INSTRUCTIONS FOR THE TASK - Because the entries hold pictures, reproduce only their words, exactly as written.

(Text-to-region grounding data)
---+---
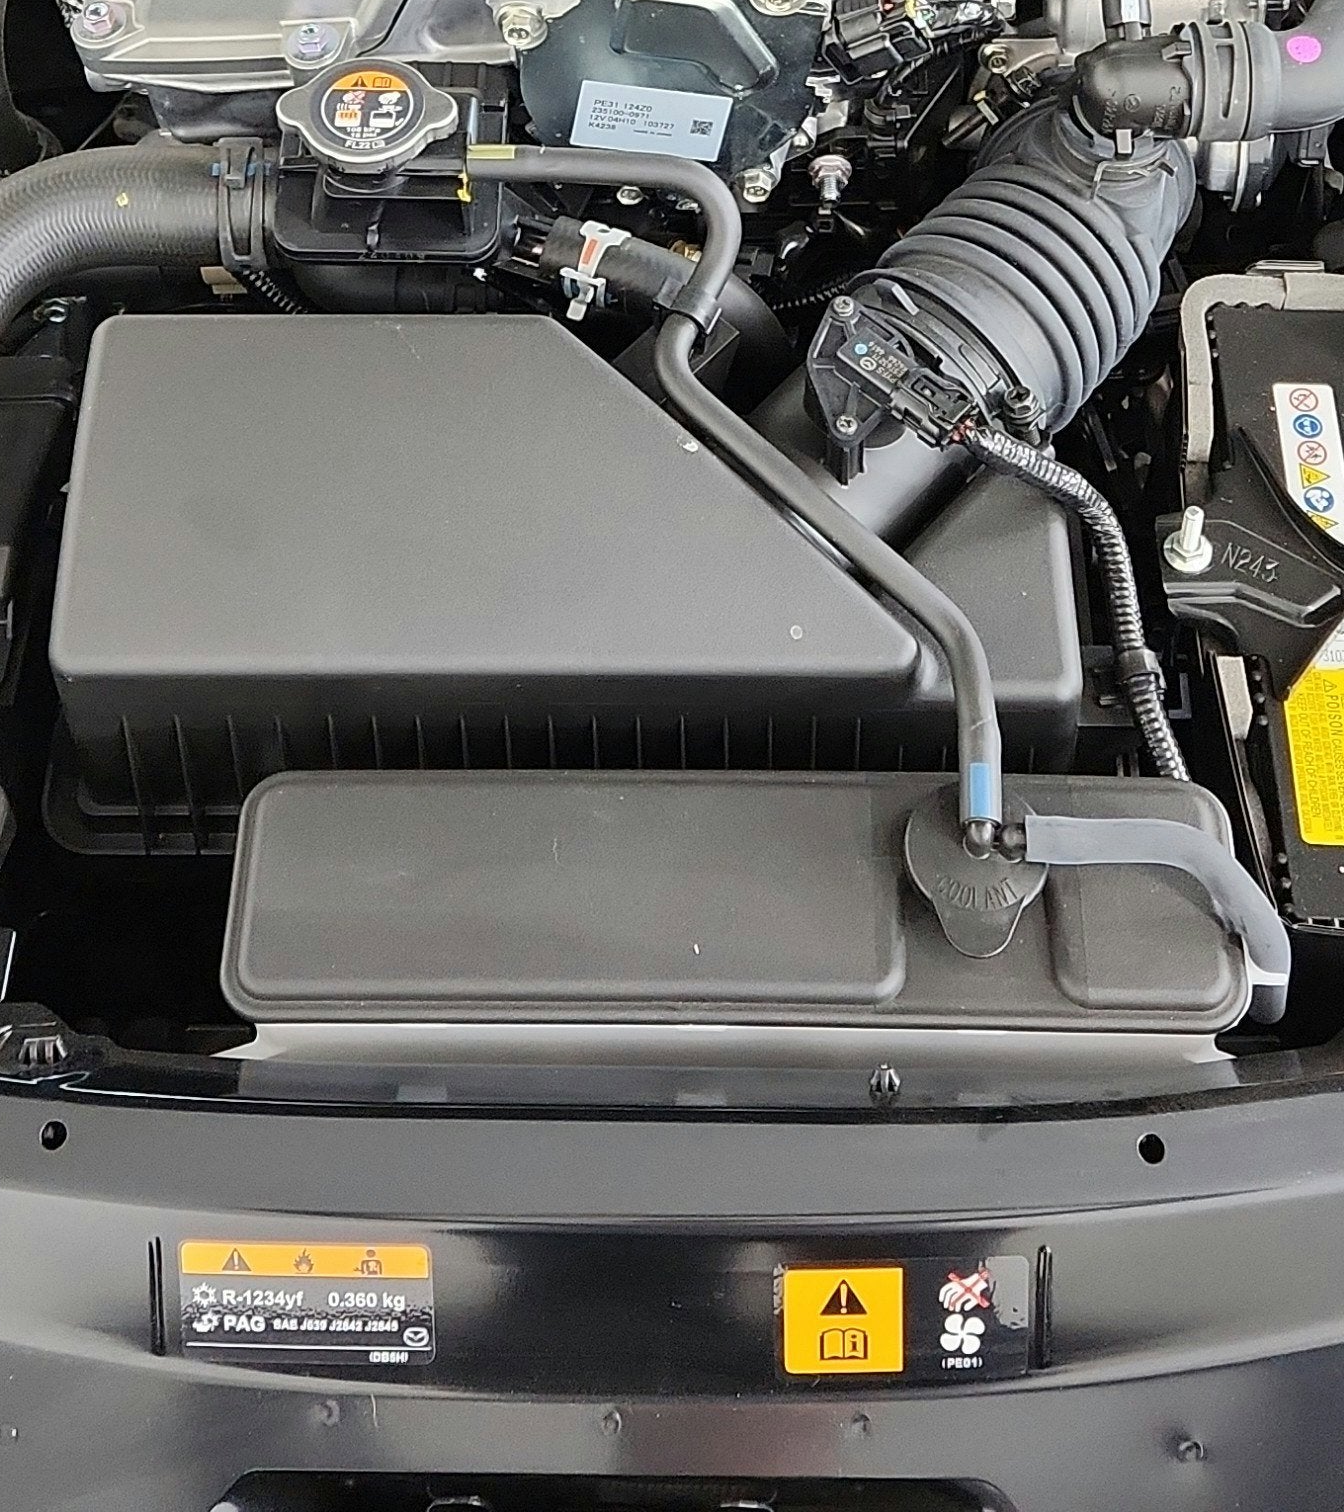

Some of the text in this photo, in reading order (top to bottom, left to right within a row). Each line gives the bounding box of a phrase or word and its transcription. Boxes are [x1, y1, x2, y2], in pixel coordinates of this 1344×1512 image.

[593, 99, 619, 109] PE31
[589, 114, 606, 123] 12V
[345, 140, 370, 149] FL22
[1220, 542, 1280, 583] N243
[1324, 695, 1344, 736] POISON
[1296, 693, 1323, 818] KEEP OUT OF REACH OF CHILDREN
[937, 876, 1017, 909] COOLANT
[222, 1289, 406, 1311] R-1234yf 0.360 kg
[223, 1313, 266, 1332] PAG
[941, 1356, 983, 1369] (PE01)
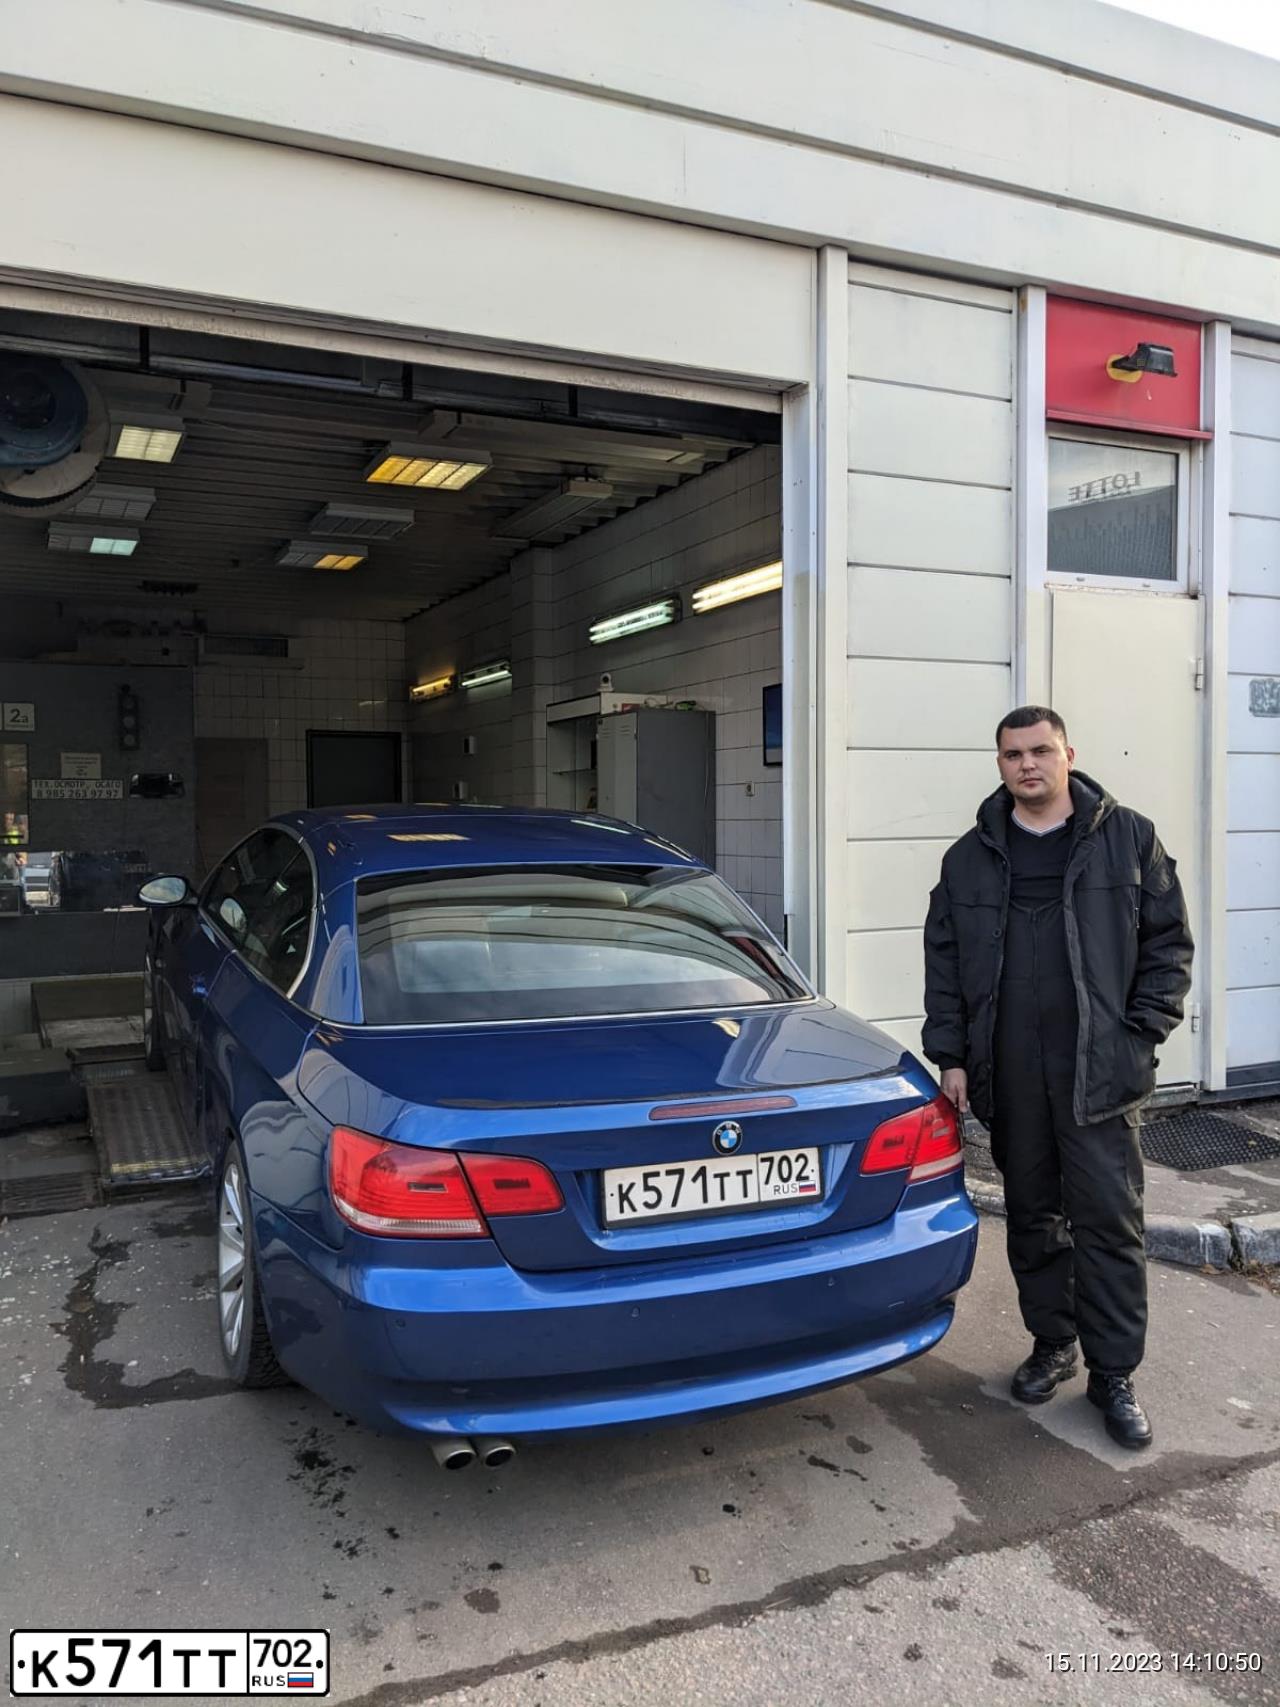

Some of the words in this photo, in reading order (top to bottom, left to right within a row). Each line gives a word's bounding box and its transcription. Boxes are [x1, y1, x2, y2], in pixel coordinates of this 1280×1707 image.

[618, 1166, 753, 1214] К571ТТ
[760, 1153, 809, 1185] 702
[773, 1182, 798, 1196] RUS
---+---
ANSWER SECTION -
Some of the text in this photo, in reading order (top to bottom, left to right within a row). Each line gives the bounding box of a phrase or word and its transcription. Boxes are [x1, y1, x2, y2], in pixel coordinates of this 1344×1512 image.

[593, 99, 619, 109] PE31
[589, 114, 606, 123] 12V
[345, 140, 370, 149] FL22
[1220, 542, 1280, 583] N243
[1324, 695, 1344, 736] POISON
[1296, 693, 1323, 818] KEEP OUT OF REACH OF CHILDREN
[937, 876, 1017, 909] COOLANT
[222, 1289, 406, 1311] R-1234yf 0.360 kg
[223, 1313, 266, 1332] PAG
[941, 1356, 983, 1369] (PE01)

Some of the words in this photo, in reading order (top to bottom, left to right within a row). Each line gives a word's bounding box and its transcription. Boxes are [x1, y1, x2, y2], in pixel coordinates of this 1280×1707 image.

[618, 1166, 753, 1214] К571ТТ
[760, 1153, 809, 1185] 702
[773, 1182, 798, 1196] RUS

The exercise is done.